In una dichiarazione, Quercus afferma di condividere "il parere negativo di MiningWatch Portugal, un progetto dell’Associazione Osservatorio delle Risorse Naturali (ORN), secondo cui la documentazione fornita è insufficiente, obsoleta e frammentaria per consentire all’Autorità di Regolamentazione dei Servizi Idrici e dei Rifiuti (ERSAR) di valutare in modo rigoroso i rischi e le responsabilità ambientali".

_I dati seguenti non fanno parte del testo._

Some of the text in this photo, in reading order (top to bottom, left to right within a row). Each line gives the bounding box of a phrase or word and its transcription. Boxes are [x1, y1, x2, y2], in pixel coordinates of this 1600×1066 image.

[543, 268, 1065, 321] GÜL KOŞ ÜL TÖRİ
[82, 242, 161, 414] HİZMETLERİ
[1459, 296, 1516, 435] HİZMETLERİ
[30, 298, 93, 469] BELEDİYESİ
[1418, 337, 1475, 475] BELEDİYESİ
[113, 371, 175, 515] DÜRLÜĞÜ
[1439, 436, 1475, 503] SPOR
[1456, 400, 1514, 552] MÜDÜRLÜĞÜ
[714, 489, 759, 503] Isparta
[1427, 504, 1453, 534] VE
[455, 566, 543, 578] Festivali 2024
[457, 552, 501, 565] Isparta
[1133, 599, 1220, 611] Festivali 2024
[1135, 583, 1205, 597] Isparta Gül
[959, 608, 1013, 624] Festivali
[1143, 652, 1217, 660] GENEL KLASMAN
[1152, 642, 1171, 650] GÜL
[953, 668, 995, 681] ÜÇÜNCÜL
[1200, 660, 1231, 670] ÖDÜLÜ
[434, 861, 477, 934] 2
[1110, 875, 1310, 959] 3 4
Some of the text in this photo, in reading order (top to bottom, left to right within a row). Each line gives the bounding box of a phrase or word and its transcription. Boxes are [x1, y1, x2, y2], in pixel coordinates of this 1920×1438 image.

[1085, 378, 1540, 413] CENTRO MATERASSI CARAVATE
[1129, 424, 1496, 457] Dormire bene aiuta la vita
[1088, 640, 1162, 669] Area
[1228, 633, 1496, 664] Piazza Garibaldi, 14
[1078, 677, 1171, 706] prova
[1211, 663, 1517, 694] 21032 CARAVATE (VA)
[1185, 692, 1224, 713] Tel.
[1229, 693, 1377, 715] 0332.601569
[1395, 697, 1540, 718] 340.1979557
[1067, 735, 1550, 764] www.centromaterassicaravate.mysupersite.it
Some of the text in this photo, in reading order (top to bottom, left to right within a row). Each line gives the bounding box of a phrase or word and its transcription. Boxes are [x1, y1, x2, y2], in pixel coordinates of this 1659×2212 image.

Affinché il processo possa procedere, Quercus chiede «la risoluzione delle responsabilità ambientali accumulate in oltre un secolo di attività mineraria a Panasqueira», situata nei comuni di Covilhã e Fundão, nel distretto di Castelo Branco.

Quercus chiede inoltre una valutazione del rischio per la qualità dell’acqua e per le popolazioni. «La questione va oltre il bacino locale di Panasqueira, poiché la Ribeira do Bodelhão è lo stesso corso d’acqua che alimenta il bacino idrico di Castelo de Bode, la principale fonte di acqua captata e trattata dall’EPAL per il consumo umano a Lisbona e in circa 20 comuni dell’Area Metropolitana e dell’Ovest», sottolinea.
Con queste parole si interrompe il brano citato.